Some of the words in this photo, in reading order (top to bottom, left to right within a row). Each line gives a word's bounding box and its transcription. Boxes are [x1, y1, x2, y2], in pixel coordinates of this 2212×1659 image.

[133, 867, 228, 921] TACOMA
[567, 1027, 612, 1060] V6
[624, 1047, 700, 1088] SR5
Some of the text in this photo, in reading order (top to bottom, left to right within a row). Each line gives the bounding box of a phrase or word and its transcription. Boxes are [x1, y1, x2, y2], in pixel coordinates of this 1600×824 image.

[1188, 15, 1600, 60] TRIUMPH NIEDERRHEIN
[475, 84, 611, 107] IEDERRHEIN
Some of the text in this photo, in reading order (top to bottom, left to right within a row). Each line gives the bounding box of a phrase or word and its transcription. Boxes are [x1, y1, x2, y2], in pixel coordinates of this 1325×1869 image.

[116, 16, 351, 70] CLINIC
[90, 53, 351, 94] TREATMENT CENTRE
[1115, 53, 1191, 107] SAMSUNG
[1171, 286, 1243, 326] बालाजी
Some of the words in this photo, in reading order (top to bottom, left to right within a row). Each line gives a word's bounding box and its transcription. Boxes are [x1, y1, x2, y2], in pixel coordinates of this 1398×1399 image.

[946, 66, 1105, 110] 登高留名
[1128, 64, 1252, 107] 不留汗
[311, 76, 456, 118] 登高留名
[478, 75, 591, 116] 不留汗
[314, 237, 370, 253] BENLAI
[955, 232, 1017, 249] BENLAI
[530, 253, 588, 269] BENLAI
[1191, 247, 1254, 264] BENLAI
--*--
| Your assignment |
Repeat the listing in full, keeping every line exactly as it is.

| Written reply |
Some of the words in this photo, in reading order (top to bottom, left to right within a row). Each line gives a word's bounding box and its transcription. Boxes are [x1, y1, x2, y2], in pixel coordinates of this 2212×1659 image.

[133, 867, 228, 921] TACOMA
[567, 1027, 612, 1060] V6
[624, 1047, 700, 1088] SR5
Some of the text in this photo, in reading order (top to bottom, left to right within a row). Each line gives the bounding box of a phrase or word and its transcription. Boxes are [x1, y1, x2, y2], in pixel coordinates of this 1600×824 image.

[1188, 15, 1600, 60] TRIUMPH NIEDERRHEIN
[475, 84, 611, 107] IEDERRHEIN
Some of the text in this photo, in reading order (top to bottom, left to right within a row). Each line gives the bounding box of a phrase or word and its transcription. Boxes are [x1, y1, x2, y2], in pixel coordinates of this 1325×1869 image.

[116, 16, 351, 70] CLINIC
[90, 53, 351, 94] TREATMENT CENTRE
[1115, 53, 1191, 107] SAMSUNG
[1171, 286, 1243, 326] बालाजी
Some of the words in this photo, in reading order (top to bottom, left to right within a row). Each line gives a word's bounding box and its transcription. Boxes are [x1, y1, x2, y2], in pixel coordinates of this 1398×1399 image.

[946, 66, 1105, 110] 登高留名
[1128, 64, 1252, 107] 不留汗
[311, 76, 456, 118] 登高留名
[478, 75, 591, 116] 不留汗
[314, 237, 370, 253] BENLAI
[955, 232, 1017, 249] BENLAI
[530, 253, 588, 269] BENLAI
[1191, 247, 1254, 264] BENLAI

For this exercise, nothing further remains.